Les multiples ruses de Miles pour se débarrasser de ses adversaires, la tentative de Shelby de convaincre le PDG en enfermant le vice président entre quatre murs, le vol des chronomètres de Ferrari en pleine course pour les perturber ou le ''coup du boulon manquant''.


C'en est à un point où on finit par se poser cette question : à quel degré de contrôle un créatif (réalisateur, ingénieur, artiste ou autre) doit il faire face OU doit il faire appel pour mener à bien son projet sans être contraint par un producteur ou un investisseur ? Jusqu'à quel prix ? Et surtout, à quelle finalité ? Le genre de question qui mériterait un débat construit pour pouvoir être résolu...

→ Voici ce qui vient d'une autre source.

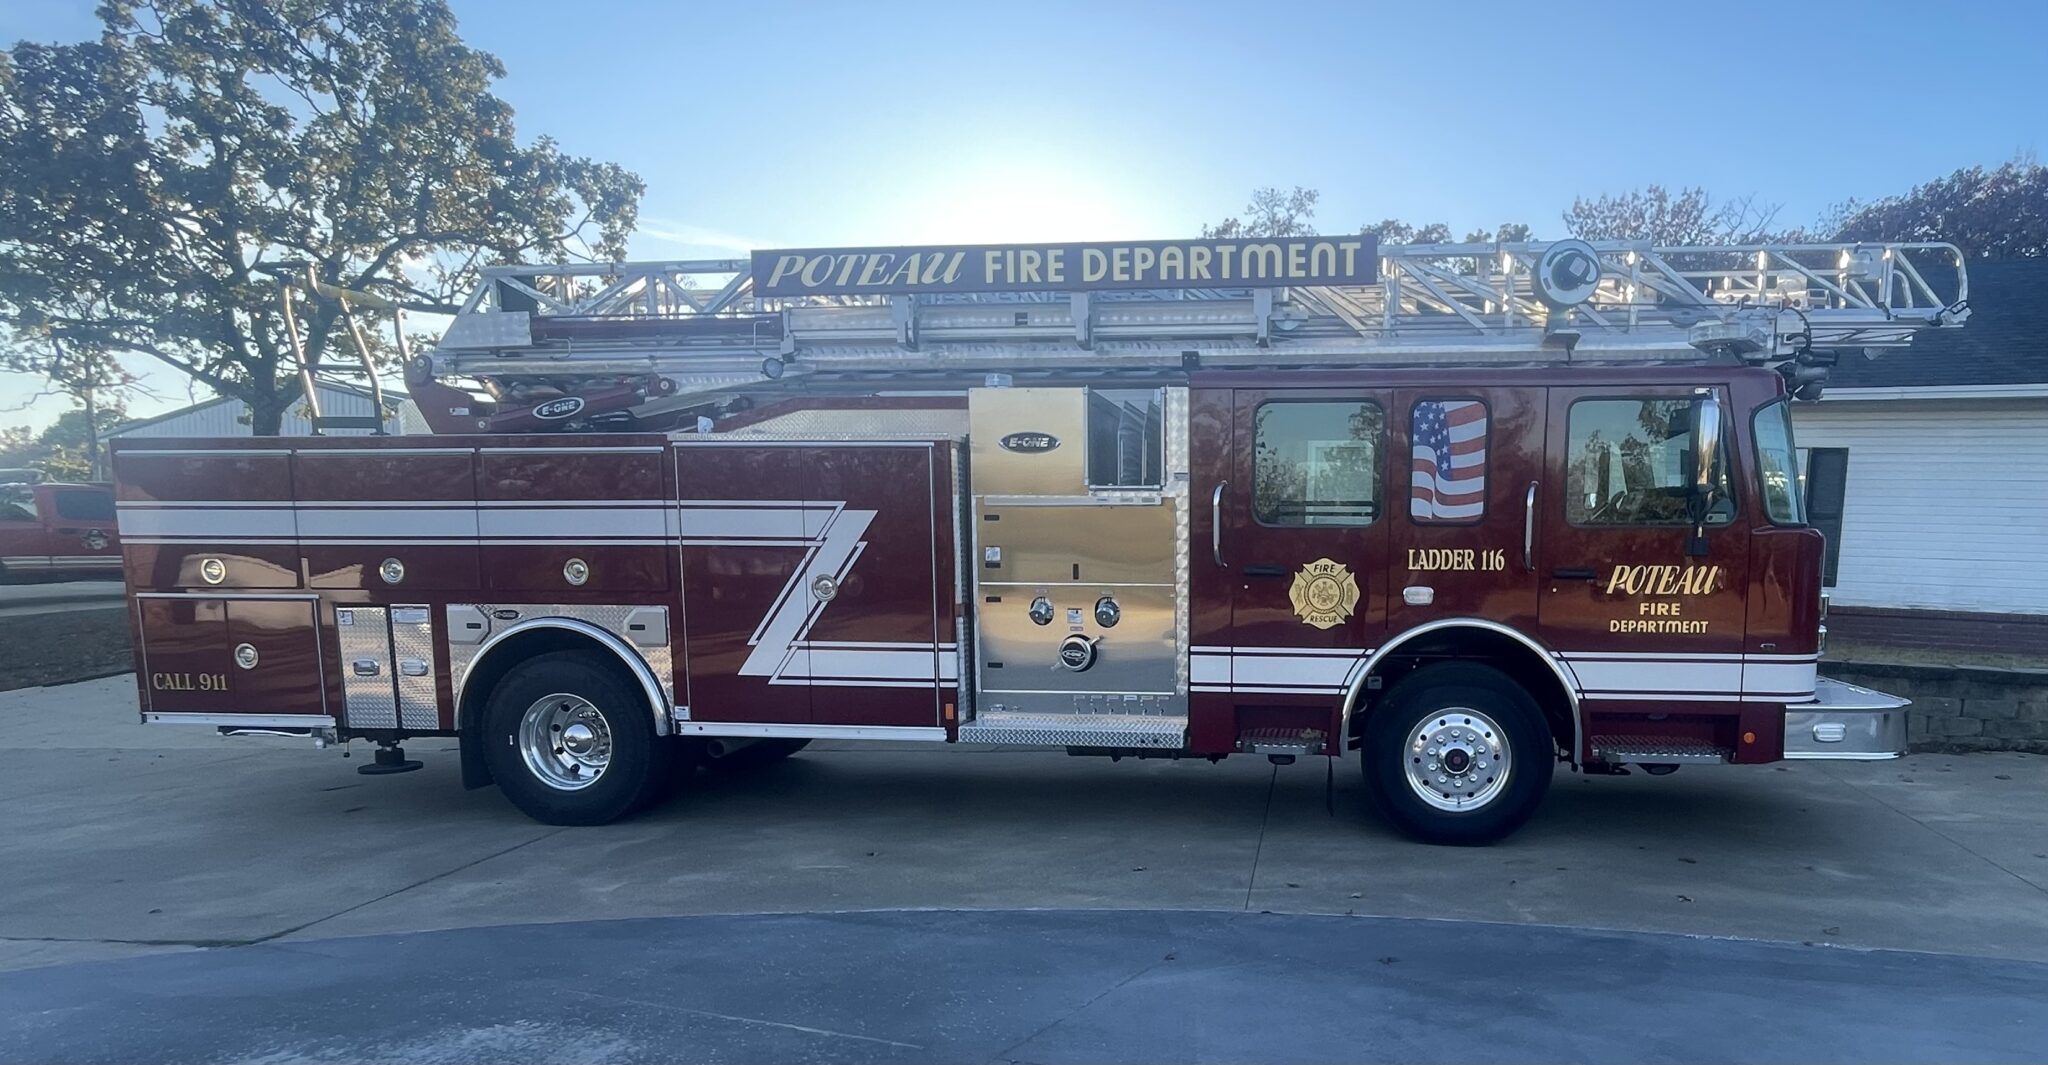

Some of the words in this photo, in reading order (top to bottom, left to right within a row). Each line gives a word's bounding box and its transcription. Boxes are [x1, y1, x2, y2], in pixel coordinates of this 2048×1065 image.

Si Mangold ne possède peut-être pas la réponse à cela, il en donne un élément de réponse dans un final des plus prenants :


Après les multiples problèmes de course du Mans, l'équipe de Ford-Shelby remporte la course avec une arrivée à l'impact médiatique fort (les trois Ford GT traversant de manière alignée l'arrivée). Mais ce qui aurait du être le début de la reconnaissance publique pour Miles et Shelby est finalement attribué à Ford et ses hommes d'affaires qui en tirent les bénéfices. Que cela ne tienne, les deux larrons se contentent volontiers de la reconnaissance personnelle.


Cela dit, les deux connaîtront un destin funeste : Miles finira mort brûlé lors de l'essai d'un nouveau véhicule quelques mois plus tard et Shelby devra continuer au sein de sa compagnie seul en vivant avec le fait que son ami, malgré les différents qu'ils ont connu, a sacrifié sa vie pour son projet auquel il a encouragé à participer malgré la volonté partagé de Miles de raccrocher et ses dettes.


D'ailleurs, il est dommage que les scénaristes n'aient pas plus exploité le développement autour des problèmes cardiaques de Shelby et de sa crainte vis à vis de son image et de son retrait des circuits... Mais bon, vu le traitement du film, ce n'est pas si grave. Et ca me fait au moins un problème à reprocher en dehors de son titre.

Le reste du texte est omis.